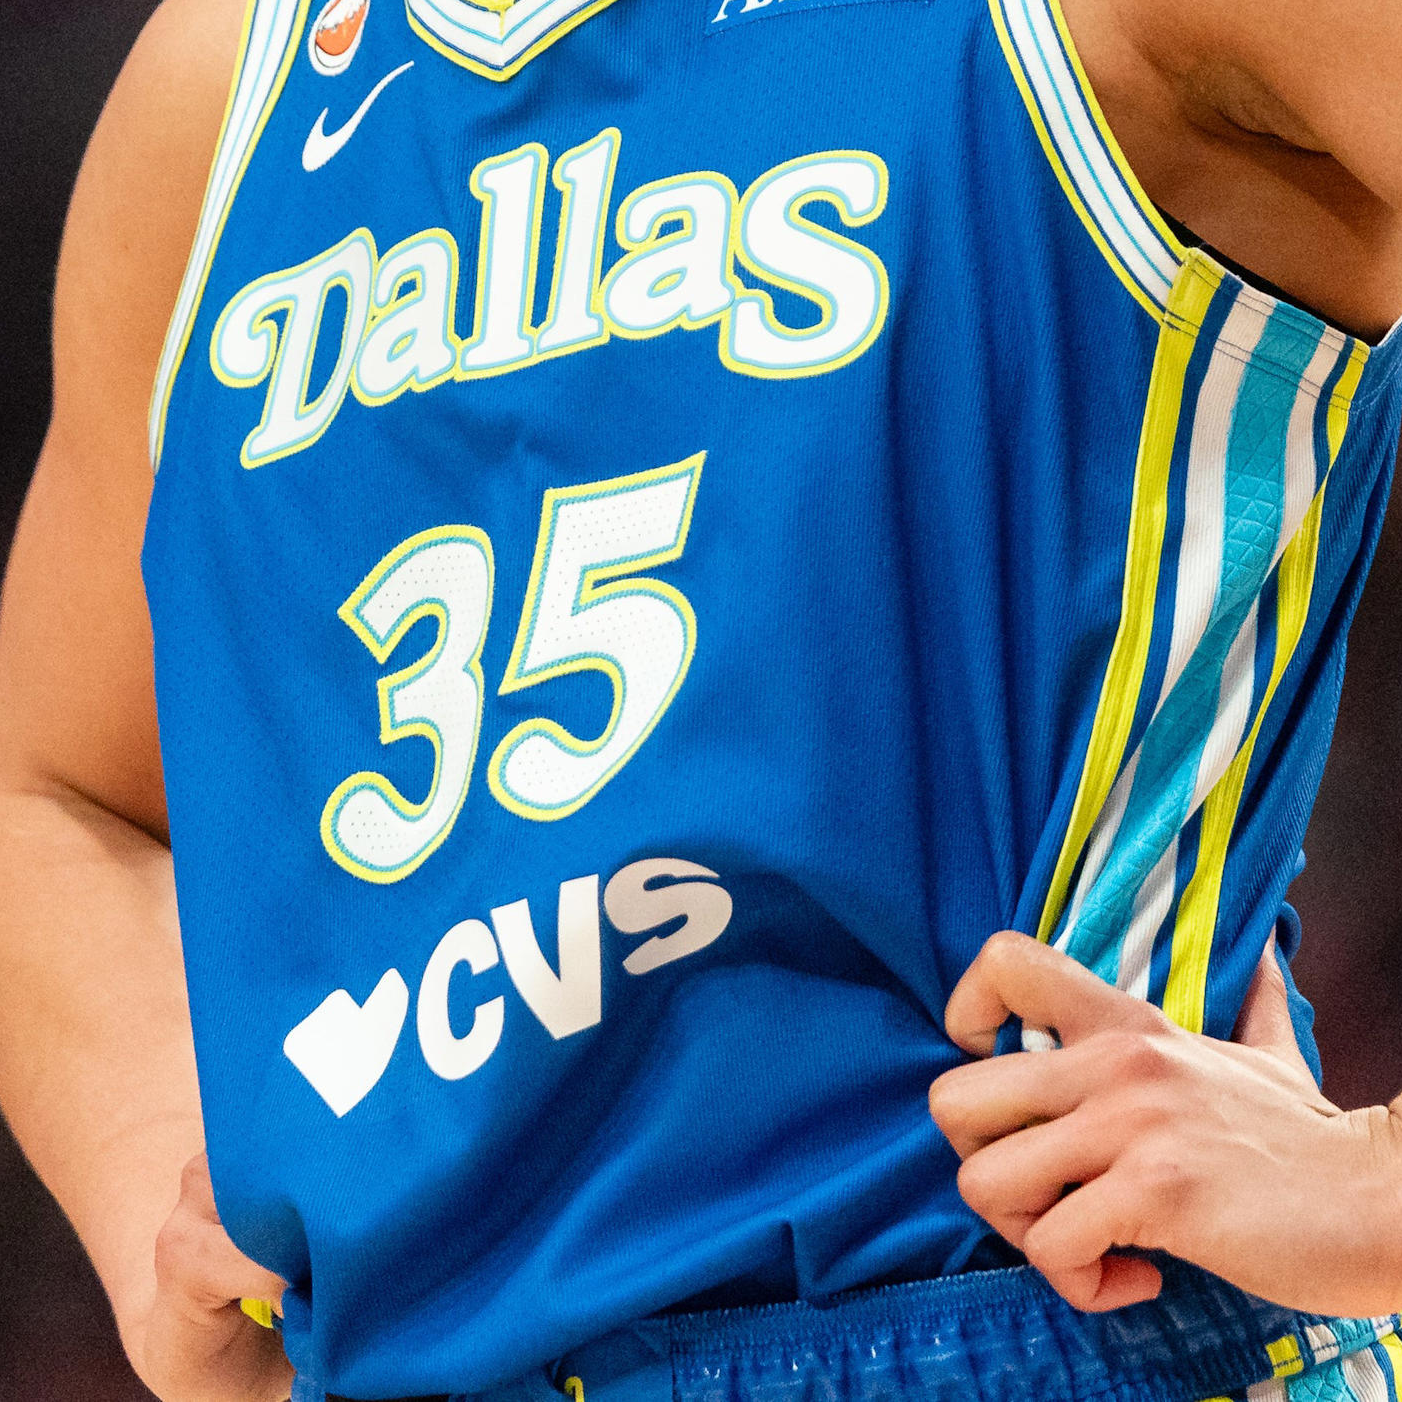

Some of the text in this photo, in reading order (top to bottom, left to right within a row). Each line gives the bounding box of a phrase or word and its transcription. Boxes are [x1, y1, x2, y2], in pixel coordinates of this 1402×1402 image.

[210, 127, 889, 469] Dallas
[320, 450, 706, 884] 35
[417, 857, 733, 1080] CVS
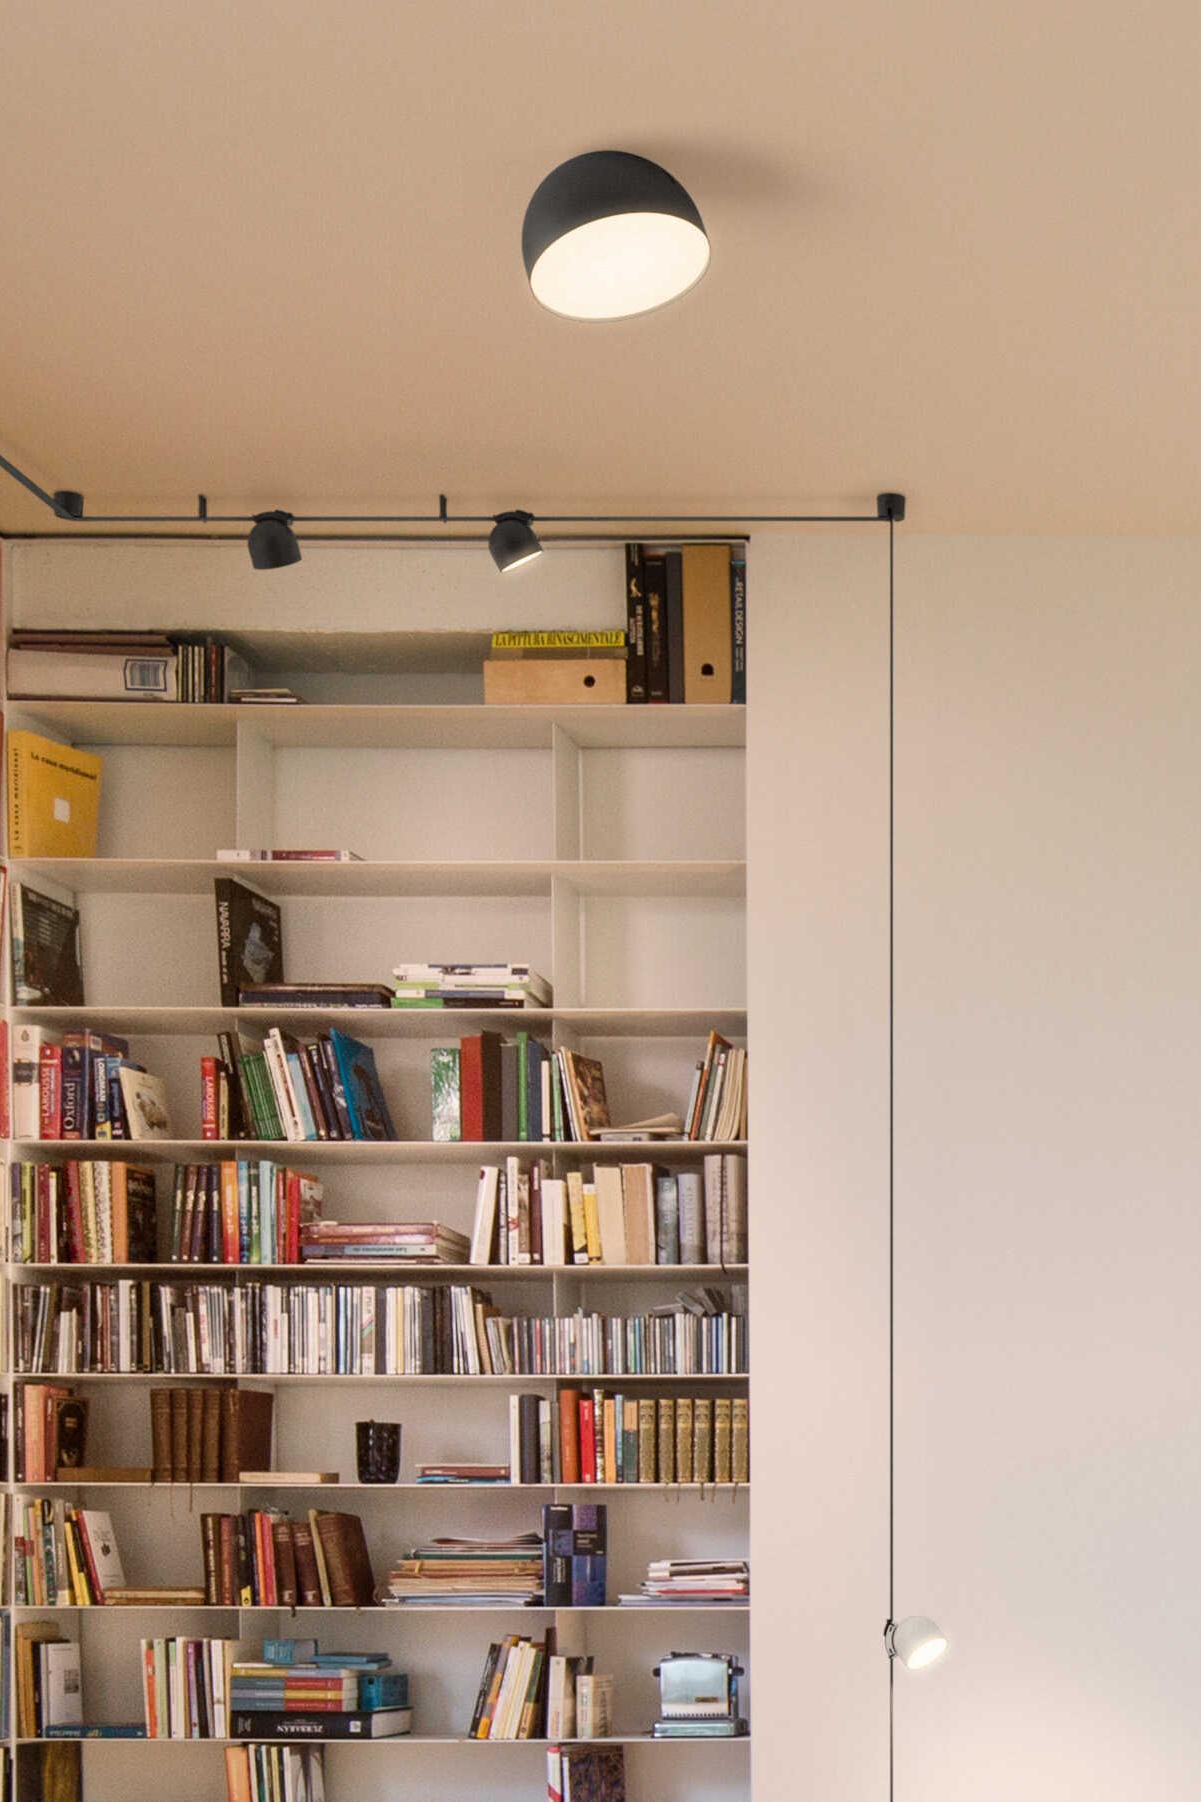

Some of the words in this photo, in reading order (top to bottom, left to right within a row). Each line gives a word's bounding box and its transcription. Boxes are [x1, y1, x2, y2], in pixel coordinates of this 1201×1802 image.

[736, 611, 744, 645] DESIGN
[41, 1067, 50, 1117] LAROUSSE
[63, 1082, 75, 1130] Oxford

————

With the pictures removed, return the listing above in its exact original wording.

EXPECTED ANSWER:
Some of the text in this photo, in reading order (top to bottom, left to right within a row). Each line gives the bounding box of a phrase or word and its transcription. Boxes are [x1, y1, x2, y2], in pixel coordinates of this 1402×1402 image.

[210, 127, 889, 469] Dallas
[320, 450, 706, 884] 35
[417, 857, 733, 1080] CVS

Some of the words in this photo, in reading order (top to bottom, left to right within a row). Each line gives a word's bounding box and its transcription. Boxes are [x1, y1, x2, y2], in pixel coordinates of this 1201×1802 image.

[736, 611, 744, 645] DESIGN
[41, 1067, 50, 1117] LAROUSSE
[63, 1082, 75, 1130] Oxford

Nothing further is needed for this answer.